There are no super-cheap buffets in Atlantic City; lunches are in the $7-$12 range, dinners in the $7-$16 range. Many visitors like Harrah's buffet best. It cost $7 million to build and makes it seem as if you're in an undersea grotto. Aquariums and fish are everywhere. The food is good, too, as it's served in small pans to ensure freshness.

"Harrah's has a beautiful buffet, the nicest," Steve Bourie of the American Casino Guide says. "It's the only thing in the city comparable to Las Vegas. Everything else there is just more expensive."

Resorts, which was the first casino to open, in 1978, has two of the finest gourmet restaurants in Le Palais and Capriccio. The Hilton can match those with the Oaks and Peregrine's, so named for the nesting falcons that frequent its hotel high rise.

Eight of the 10 Boardwalk casinos have direct access to the Atlantic Ocean beach, but Hilton's is by far the best. It's wide and relatively secluded, and Hilton offers the widest selection of beach amenities for its guests.

Claridge and Sands don't promote the beach too much because they're set back one block from the Boardwalk. Across town, Trump Marina and Harrah's don't have beaches, but they do have the only two casino marinas in town. If you're arriving by boat, they'd be your choice.

If you're a rock'n'roller, check out Trump Marina. It specializes in showcasing acts that are just reaching their peaks, such as the Goo Goo Dolls, and classic bands such as Van Halen and Grand Funk Railroad.

Two casinos, Sands and Claridge, are both operating under bankruptcy protection, but that shouldn't scare you. The situation has actually allowed Sands to become a lot nicer, as its spent millions on new slot machines, renovated hotel rooms and a new entryway. Corporate raider Carl Icahn is trying to buy both of them.

Atlantic City may receive a real jolt -- one certain to benefit the consumer -- in three years or so. Major Las Vegas operators Mirage Resorts and Boyd Gaming are combining to build the $750 million Borgata in the Marina District, and within a year after that opening Mirage alone is planning to open the $1 billion Jardin Palais.

MGM Grand, which operates the biggest place in Las Vegas, is also planning to build a huge casino, next to Showboat in perhaps four to six years.

The three companies are promising to "raise the bar" in terms of service, amenities, entertainment and the whole resort experience. That means the existing casinos will have to match them if they want to survive.

This isn't going to turn Atlantic City into Las Vegas, but it should help make Atlantic City what it really is: a regional getaway.

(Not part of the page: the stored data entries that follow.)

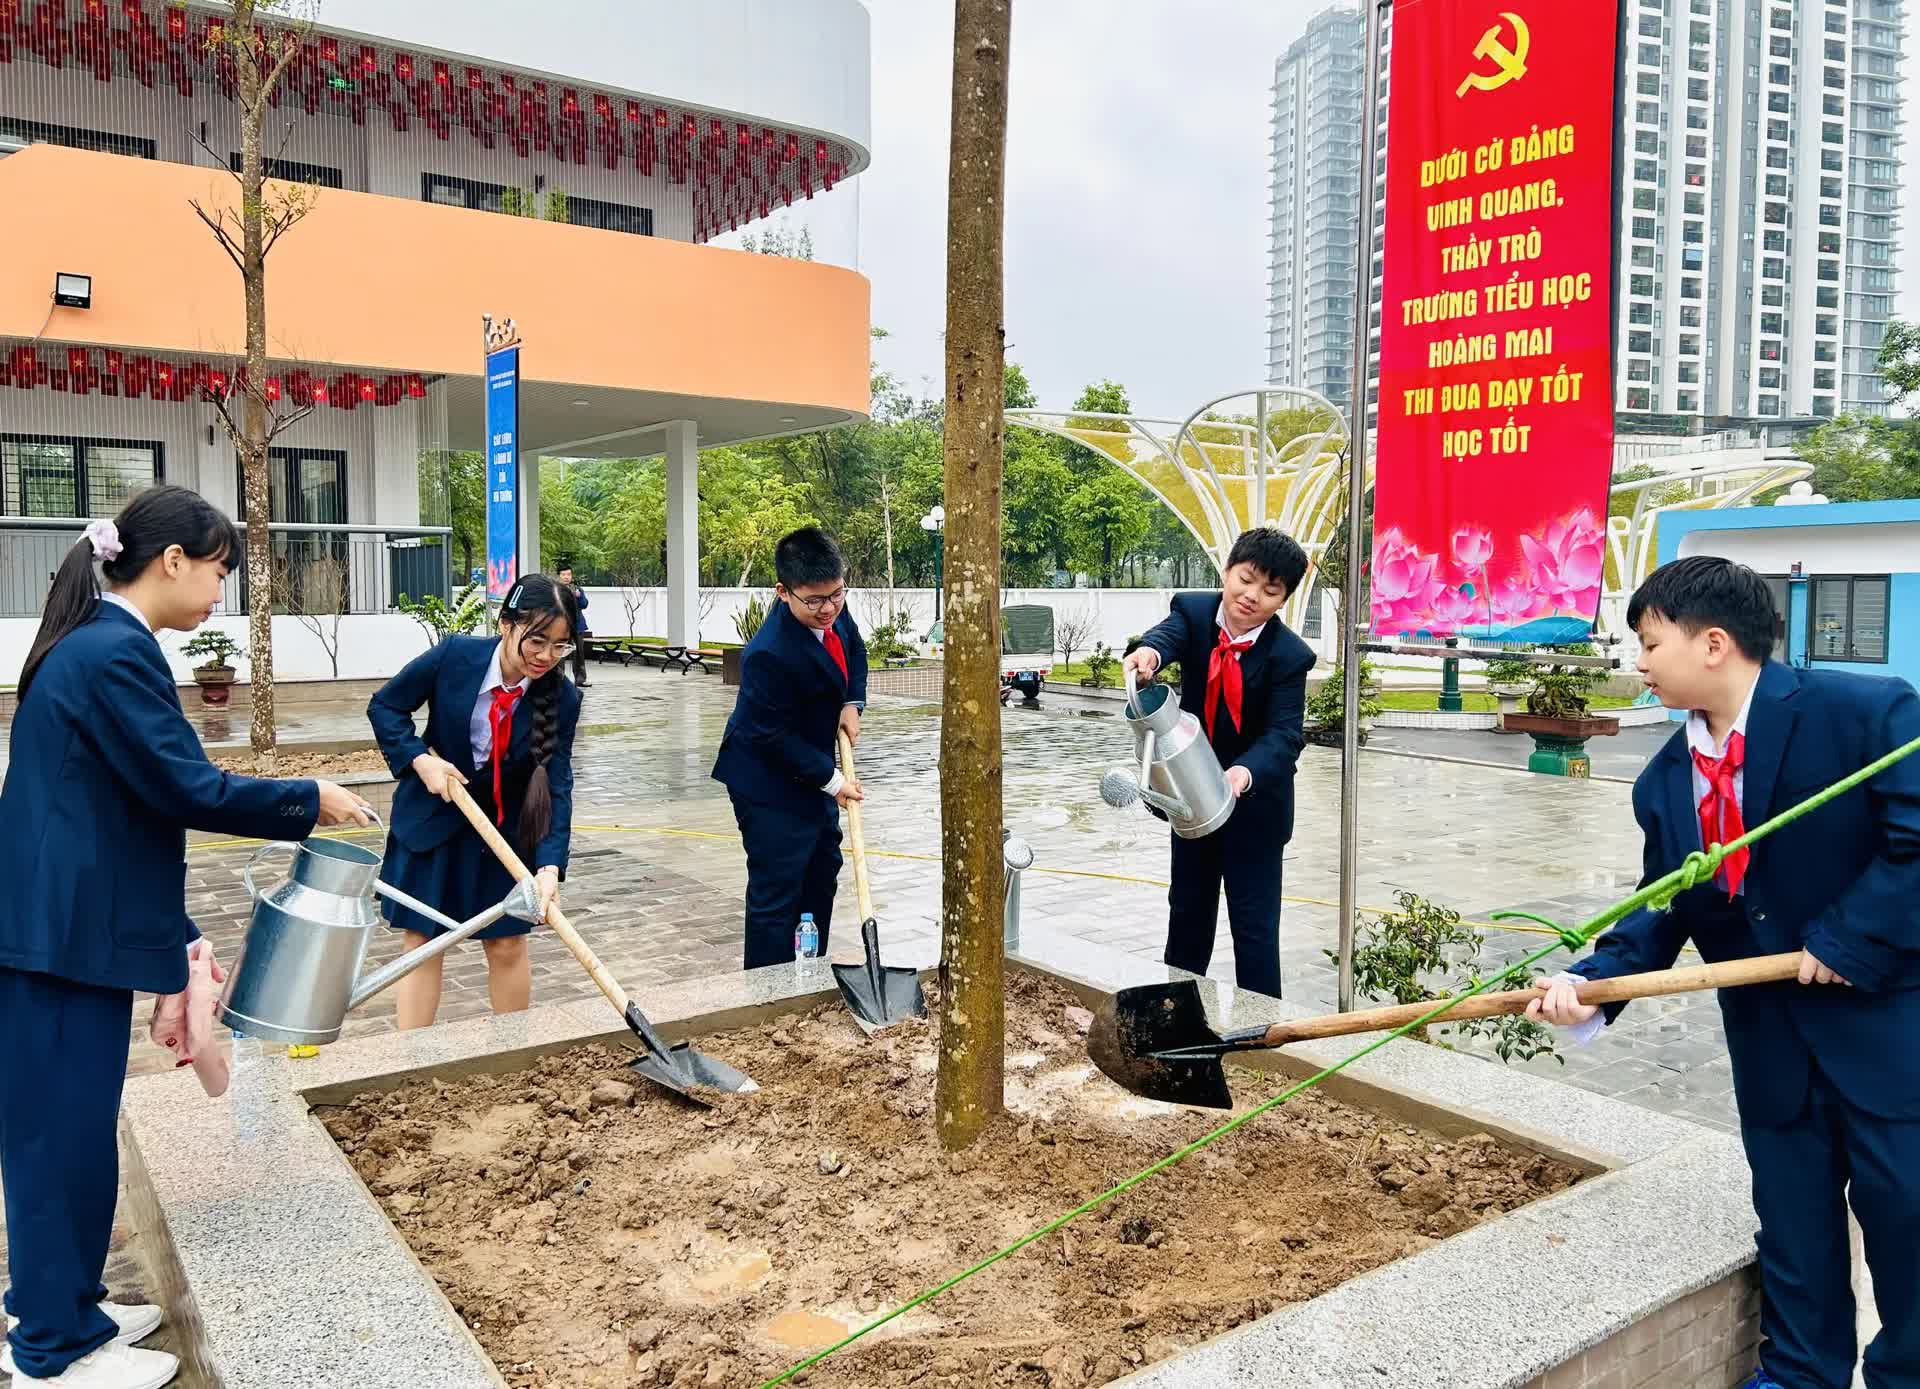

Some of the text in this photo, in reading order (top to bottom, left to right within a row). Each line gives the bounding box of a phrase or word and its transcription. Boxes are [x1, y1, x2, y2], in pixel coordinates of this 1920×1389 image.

[1420, 124, 1574, 188] DƯỚI CỜ ĐẢNG
[1479, 178, 1564, 221] QUANG,
[1441, 225, 1542, 274] THẦY TRÒ
[1401, 270, 1592, 326] TRƯỜNG TIỂU HỌC
[1428, 326, 1553, 369] HOÀNG MAI
[1403, 363, 1584, 416] THI ĐUA DẠY TỐT
[1442, 416, 1532, 463] HỌC TỐT

As Paul Rubeli, chief executive of Tropicana's parent company, Aztar Corp., loves to say, "We should not try to become an Orlando or Las Vegas. Our winter weather and Northeast urban environment will not ever permit us to become those cities, and we should not try. But we should try to become a regional getaway for the 42 million adults in the Northeast region."

(Joe Weinert covers the casino industry for The Press of Atlantic City.)